More to come, in reverse chronological order from when I read them. What’s your favorite quote from a book?

 

The Queen of Dinner Parties: in which I discover The Yale Book of Quotations

yalebookquotationsThe Library Link of the Day for September 30…you know, I’m having trouble even putting into words how delighted I was to read it (“Who Really Said That?” by Corey Robin in The Chronicle of Higher Education) and to find, as a direct result, The Yale Book of Quotations on the library shelf. I have always collected quotes – from books, from songs, from anywhere really. I am a magpie, and quotes are my shiny objects.

How, then, did I not discover The Yale Book of Quotations previously? I do not know. But needless to say that when I did find it, browsing through it was a purely joyful experience. (Book nerd. Yes. That has been established.) At last, I could find out whether Oscar Wilde’s last words really were “Either that wallpaper goes, or I do.” (Close enough: “Decidedly one of us will have to go.”) I could verify the wording of Clarke’s Third Law (“Any sufficiently advanced technology is indistinguishable from magic”) and discover that he also said, “How inappropriate to call this planet Earth when it is clearly Ocean” (1990).

I could be indignant that the lyrics of Eminem’s “My Name Is” and “The Way I Am” were included nearly in full, but there was only one quote from The Princess Bride (“Life is pain…anybody that says different is selling something”). Incidentally, you’d have to know that William Goldman wrote the book (and the screenplay) to find the Princess Bride quote, because the contents are organized alphabetically by author last name. (Would anyone look under Morgenstern, I wonder?)

For anyone who believes, as I do, that correct wording is important, and correct attribution is equally important, The Yale Book of Quotations is a goldmine. (“Oh, you’re going to be the queen of dinner parties,” my husband said when I bombarded him with my new discovery. “You won’t be able to take me anywhere,” I agreed.) With over 12,000 quotes in 851 pages (plus a keyword index that brings the total page count to 1067), this is one of those times when a book might just be better than the internet. Here are a few of its many gems:

“Mother told me a couple of years ago, ‘Sweetheart, settle down and marry a rich man.’ I said, ‘Mom, I am a rich man.'” -Cher, 1995

“When Tolstoy wrote that all happy families are alike, what he meant was that there are no happy families.” -Susan Cheever, 1991

“What America does best is to understand itself. What it does worst is to understand others.” -Carlos Fuentes, 1986

“Diplomacy is to do and say / the nastiest thing in the nicest way.” -Isaac Goldberg, 1927

“Gentlemen, include me out.” -Samuel Goldwyn, 1933

“You lose more of yourself than you redeem
Doing the decent thing.” -Seamus Heaney, 1984

[J. Cheever Loophole, played by Groucho Marx, speaking:] “I bet your father spent the first year of your life throwing rocks at the stork.” –At the Circus (motion picture) (1939) Screenplay by Irving Brecher.

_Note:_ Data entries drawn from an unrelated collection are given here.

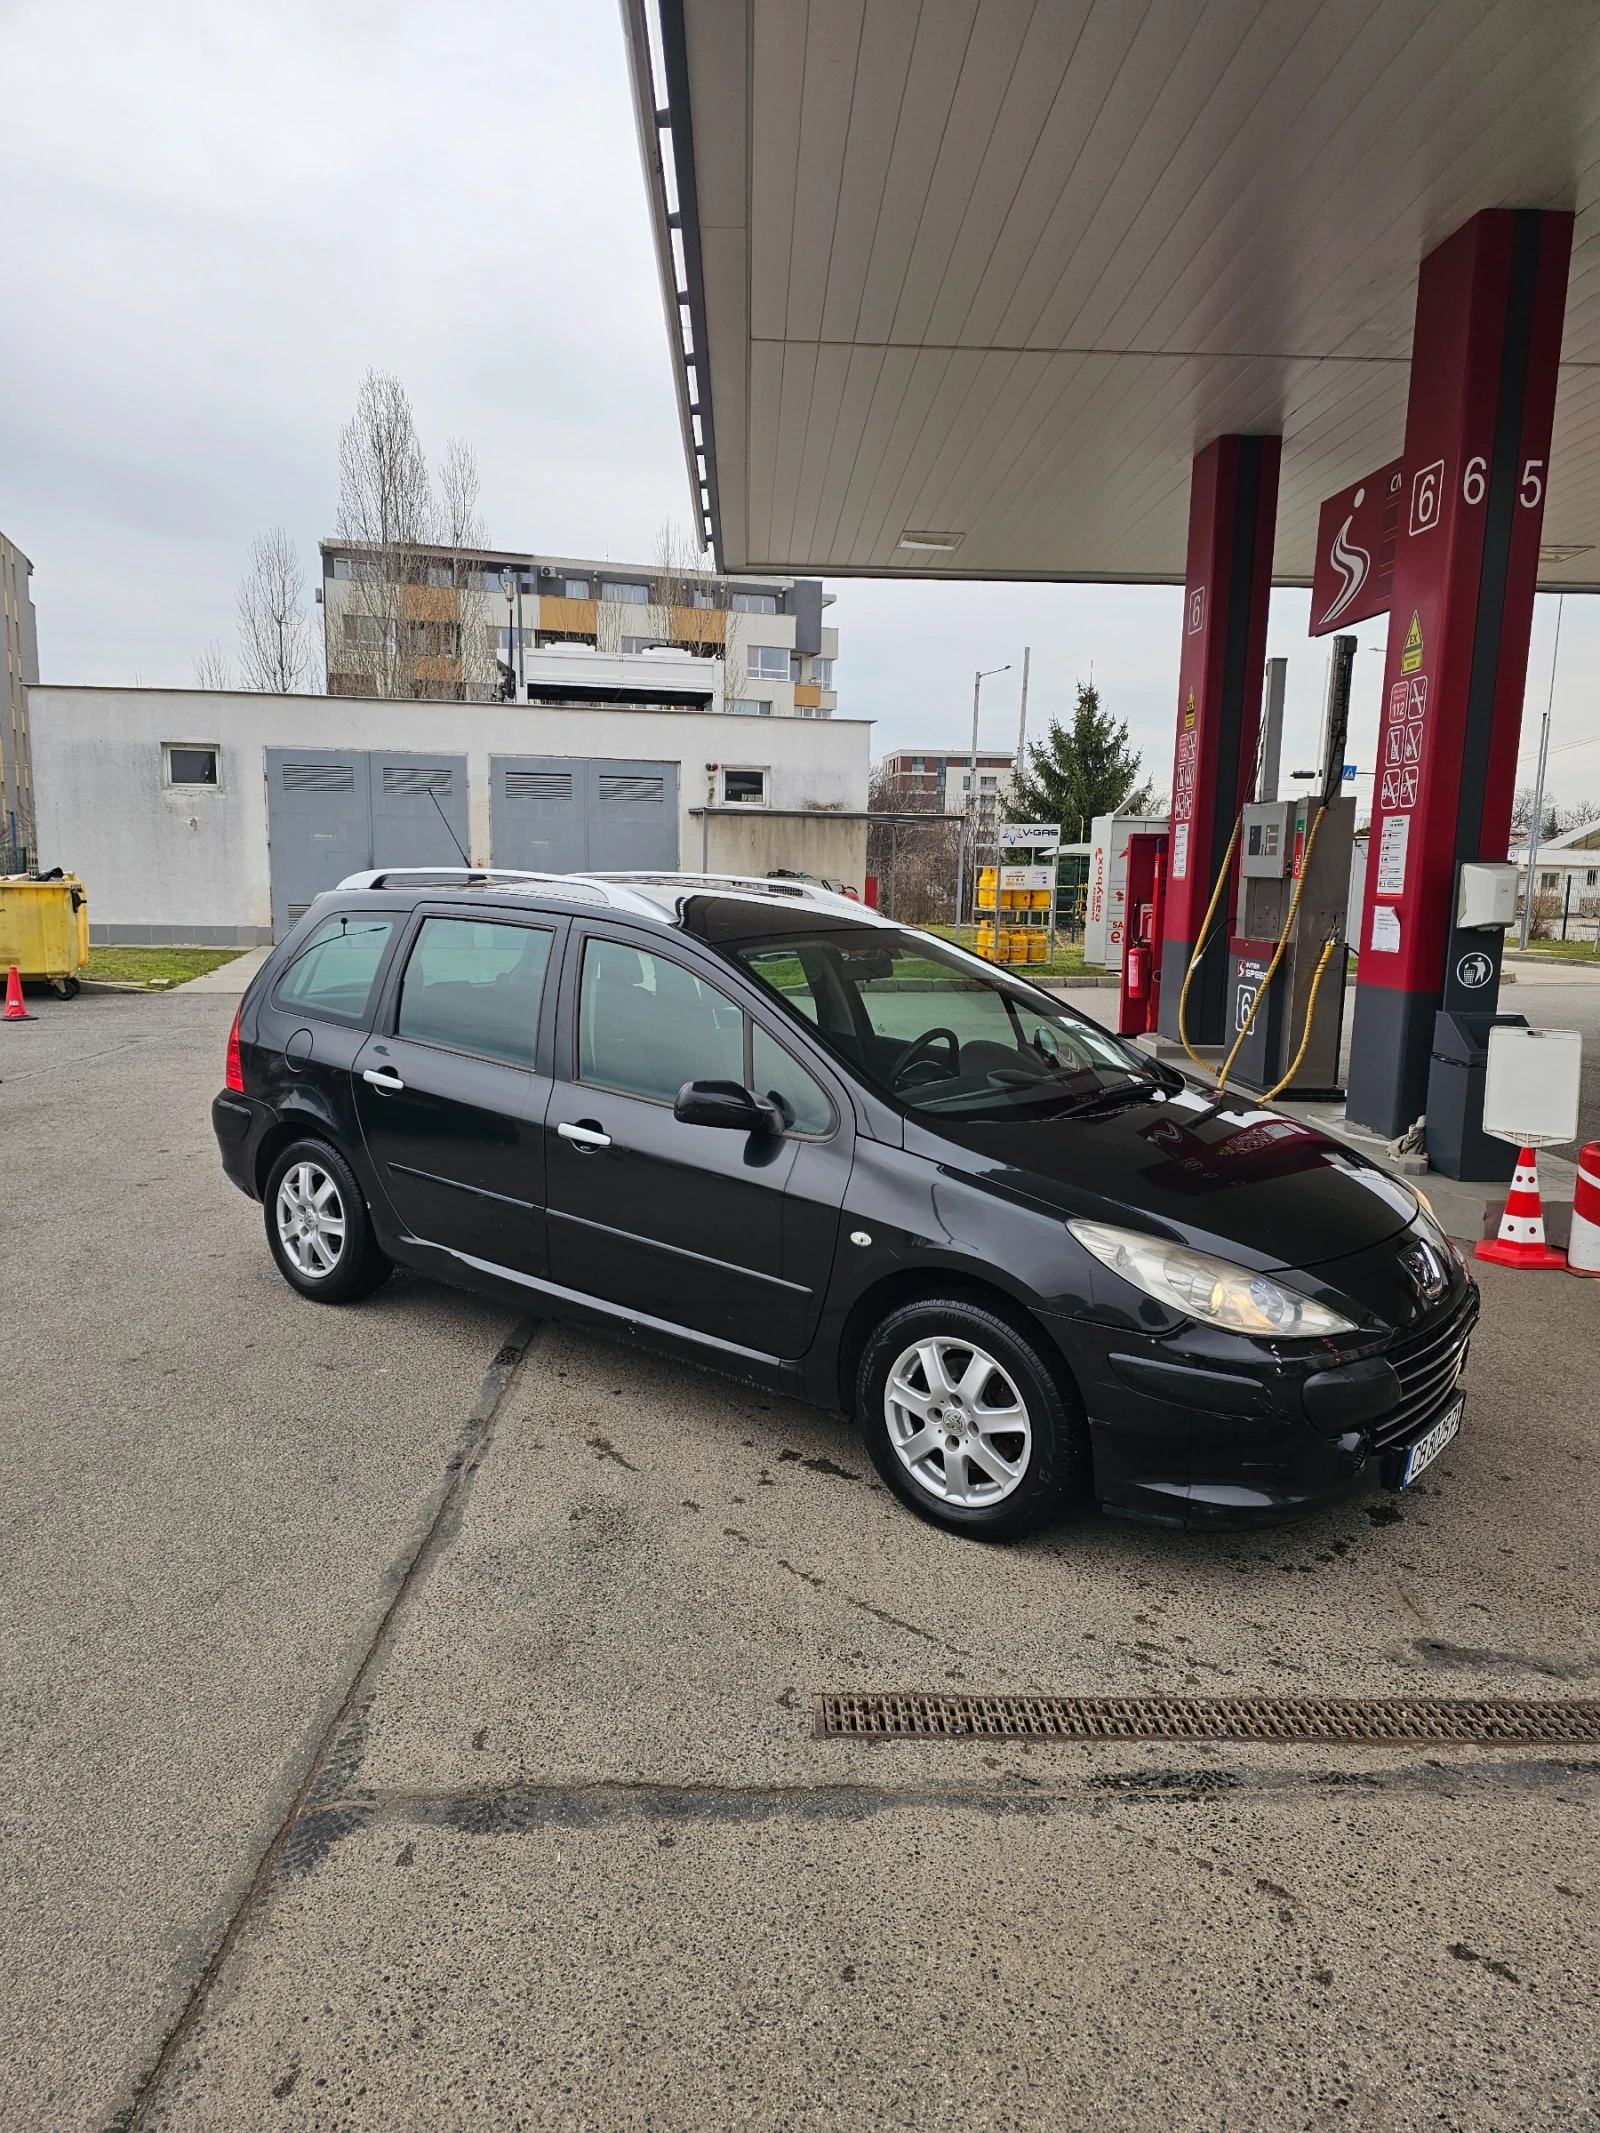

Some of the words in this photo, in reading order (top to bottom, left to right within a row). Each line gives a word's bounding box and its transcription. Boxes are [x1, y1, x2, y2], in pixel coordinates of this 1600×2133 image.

[1463, 456, 1487, 505] 6
[1520, 460, 1543, 508] 5
[1418, 474, 1435, 522] 6
[1192, 594, 1201, 626] 6
[1410, 632, 1418, 646] EX
[1392, 701, 1405, 716] 112
[1022, 828, 1058, 836] V-GAS
[1094, 857, 1104, 922] easybox
[1241, 992, 1251, 1026] 6
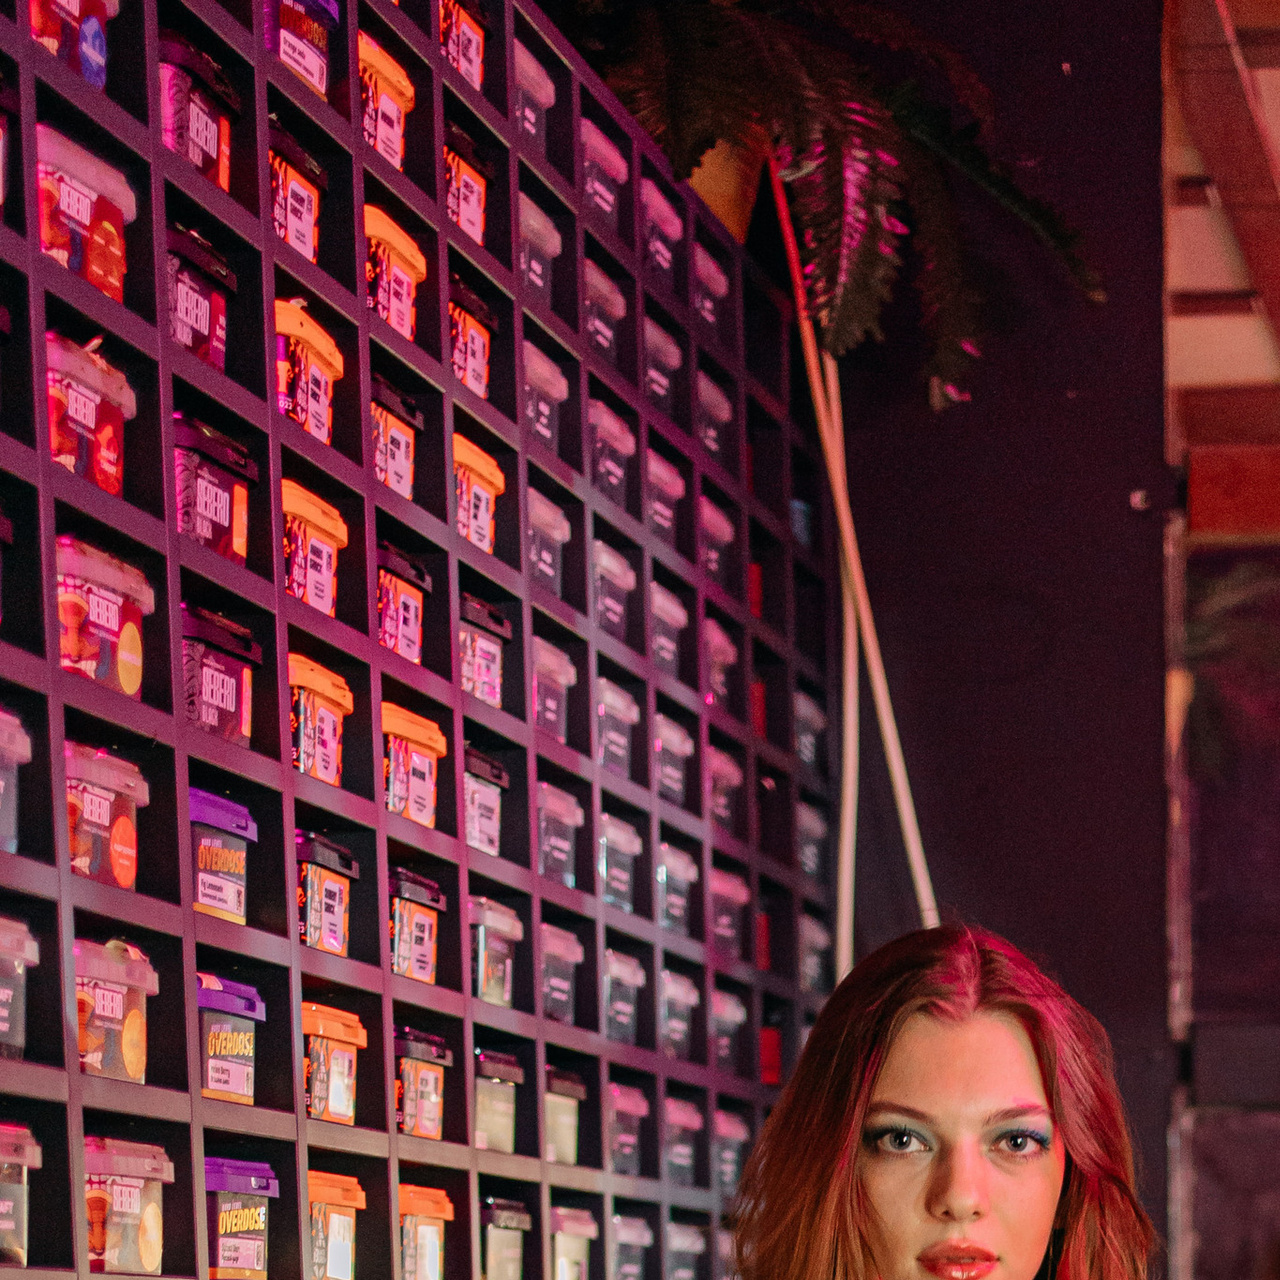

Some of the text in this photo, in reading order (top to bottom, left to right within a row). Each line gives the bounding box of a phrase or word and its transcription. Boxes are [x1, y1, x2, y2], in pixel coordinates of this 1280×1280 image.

[189, 101, 218, 160] SEBERO
[59, 181, 91, 226] SEBERO
[177, 281, 210, 336] SEBERO
[68, 388, 96, 430] SEBERO
[197, 476, 230, 527] SEBERO
[89, 593, 119, 633] SEBERO
[202, 664, 237, 713] SEBERO
[83, 792, 111, 828] SEBERO
[198, 844, 247, 875] OVERDOSE
[95, 987, 124, 1020] SEBERO
[208, 1031, 254, 1057] OVERDOSE
[113, 1185, 141, 1214] SEBERO
[218, 1206, 266, 1235] OVERDOSE

[Responding to a fan’s request that he autograph a school chemistry book:] “Sure thing, man. I used to be a laboratory myself once.” -Keith Richards, 1994

[On looting after the fall of Baghdad:] “Stuff happens!” -Donald Rumsfeld, 2003

“A rattlesnake that doesn’t bite teaches you nothing” -Jessamyn West, 1979

“I myself have never been able to find out precisely what Feminism is: I only know that people call me a Feminist whenever I express sentiments that differentiate me from a doormat or a prostitute.” -Rebecca West, 1913

“It was in dealing with the early feminist that the Government acquired the tact and skillfulness with which it is now handling Ireland.” -Rebecca West, 1916

[Mother:] It’s broccoli, dear.
[Child:] I say it’s spinach, and I say the hell with it.
-E.B. White, New Yorker cartoon caption, 1928

“Our deepest fear is not that we are inadequate. Our deepest fear is that we are powerful beyond measure. It is our light, not our darkness, that most frightens us.” -Marianne Williamson, 1992 (frequently misattributed to Nelson Mandela)

I also wrote about this article and book on the Robbins Library blog.